17. Fairness And Validity
4. Fairness As An Important Aspect Of Validity
By Willingham and Cole
In this context, a fair test is one for which both the (preferably, small) extent of statistical error of
measurement, and the inferences (hopefully, reasonable ones) from the test results regarding test-taker ability,
are comparable from individual to individual and from subgroup to subgroup.
They state that comparable validity must be met at all stages of the testing process – when designing the test,
developing the test, administering the test, and using the test results. Comparable validity must be achieved by
selecting test material that does not give an advantage to some test takers for reasons that are irrelevant to the
construct being measured.
18. Fairness And Validity
4. Fairness As An Important Aspect Of Validity (continued)
Willingham and Cole see fairness as having three qualities linked to validity:
(1) comparable opportunities for test takers to show their knowledge and skills;
(2) comparable test tasks and scores;
(3) comparable treatment of test takers in test interpretation and use.
Xi both expands the definition of test fairness and offers a new framework for investigating fairness issues.
19. Xi's Framework
Xi states that fairness is “comparable validity for identifiable and relevant groups across all stages of
assessment, from assessment conceptualization to use of assessment results,” where “construct-irrelevant
factors, construct under-representation, inconsistent test administration practices, inappropriate decision-
making procedures or use of test results have no systematic or appreciable effects on test scores, test score
interpretations, score-based decisions and consequences for all relevant groups of examinees”.
20. Xi's Framework
Consists a fairness argument embedded within a validity argument. A validity argument is a chain of inferences that
leads a test user to appropriate interpretations of test results. Xi’s validity argument framework consists of six
successive sub-arguments, that: (1) there is evidence that the domain of L2 use which is of interest, provides a
meaningful basis for our observations of test-taker performance on the test; (2) there is evidence that the observed
test scores reflect that domain of L2 use and not construct-irrelevant factors; (3) there is evidence that the observed
scores on the test are generalizable over similar language tasks on other, similar tests; (4) there is evidence that the
abovementioned generalization of observed scores can be linked to a theoretical interpretation (i.e., The construct,
the theoretical skill) of such scores; (5) there is evidence that the theoretical construct can explain the L2 use in
actual situations envisioned by the users of the test; and (6) there is evidence that the language-test results are
“relevant, useful, and sufficient” for determining the level of L2 ability. Each of these sub-arguments is supported
by certain assumptions.
21. Xi's Framework
Embedded in the above chain of sub-arguments and underlying assumptions, xi proposes, can be a fairness
argument, which consists in part of a series of rebuttals, one or more posed to each of the validity sub-
arguments. One can conceive of such rebuttals as research questions into the degree of fairness of a given
language test, i.e., each rebuttal serves as a practical check on the claims of each sub-argument. For example,
to the first of the sub-arguments above, one can ask whether or not the domain of L2 use actually provides a
meaningful basis for observations of test-taker performance.

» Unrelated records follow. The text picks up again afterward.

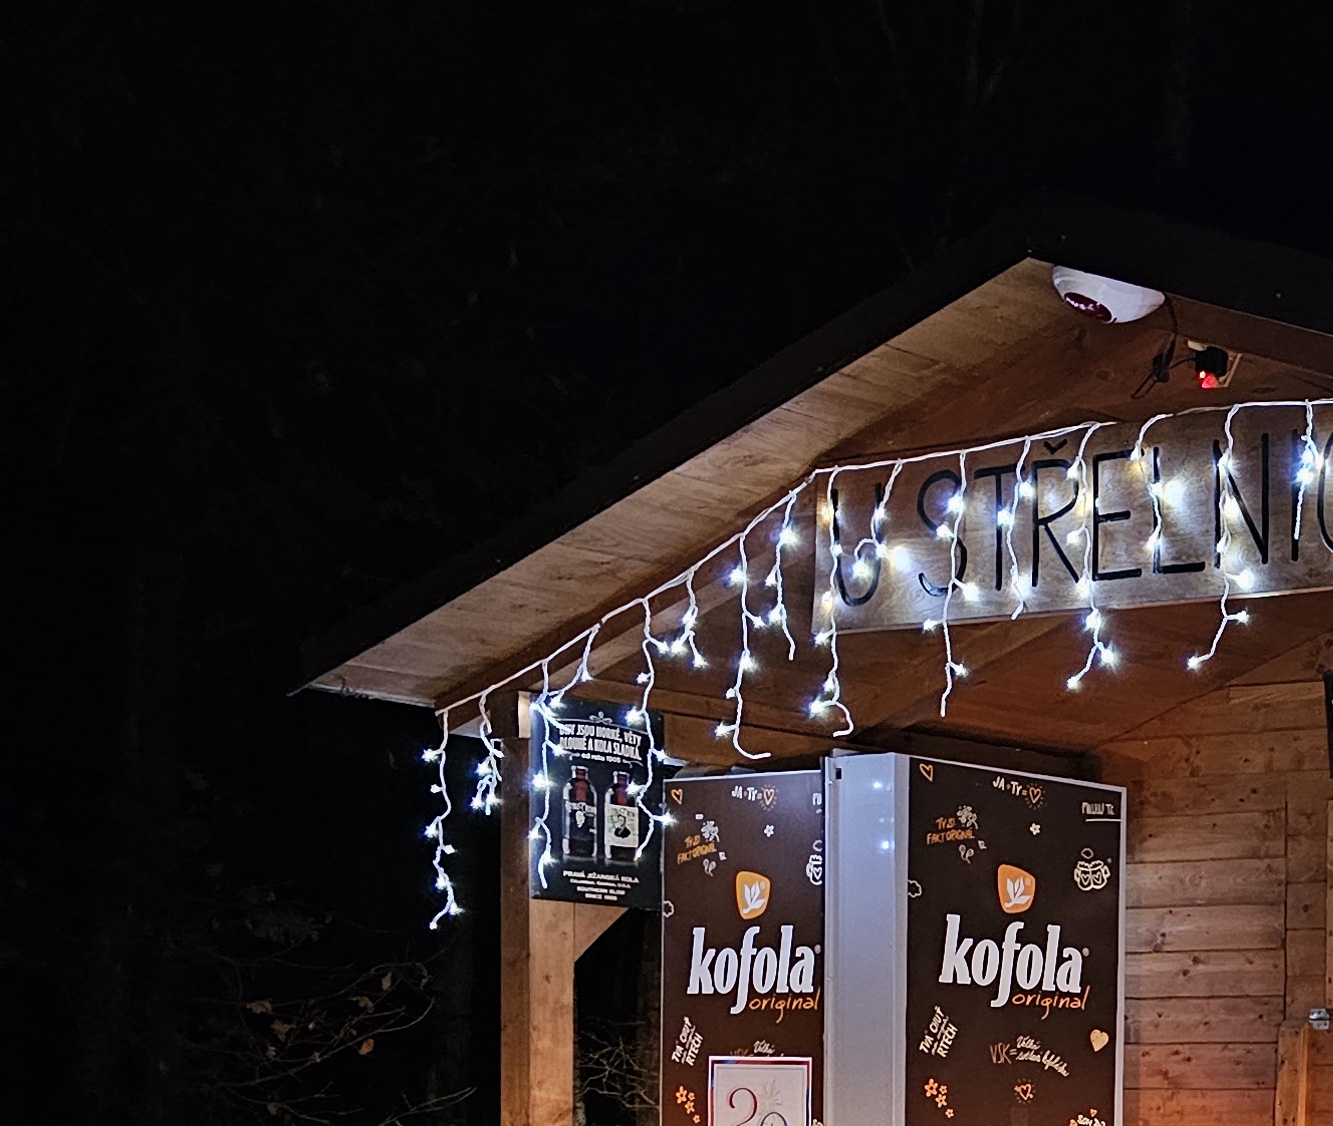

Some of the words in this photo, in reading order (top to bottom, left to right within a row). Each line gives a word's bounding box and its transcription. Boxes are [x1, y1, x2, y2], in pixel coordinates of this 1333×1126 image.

[831, 482, 882, 606] U
[687, 925, 815, 1014] kofola
[939, 913, 1082, 1007] kofola
[749, 987, 821, 1023] original
[1012, 986, 1090, 1020] original
[937, 1023, 958, 1057] RTECH

22. Kunnan’s Test Context Framework
This approach is intended to consider the wider political, educational, Cultural, social, economic, legal, and historical
aspects of a test. In this it differs somewhat from other, more psychometrically focused approaches considered above,
such as DIF, or even xi’s fairness argument framework. It has a certain overlap with Kane’s (2010) applications of
political and legal concepts to language testing, and it also resonates with the analyses of power relations in language
testing offered by Shohamy (2001), both mentioned above.
Kunnan’s approach thus brings wider social factors into consideration when evaluating the fairness of a language test.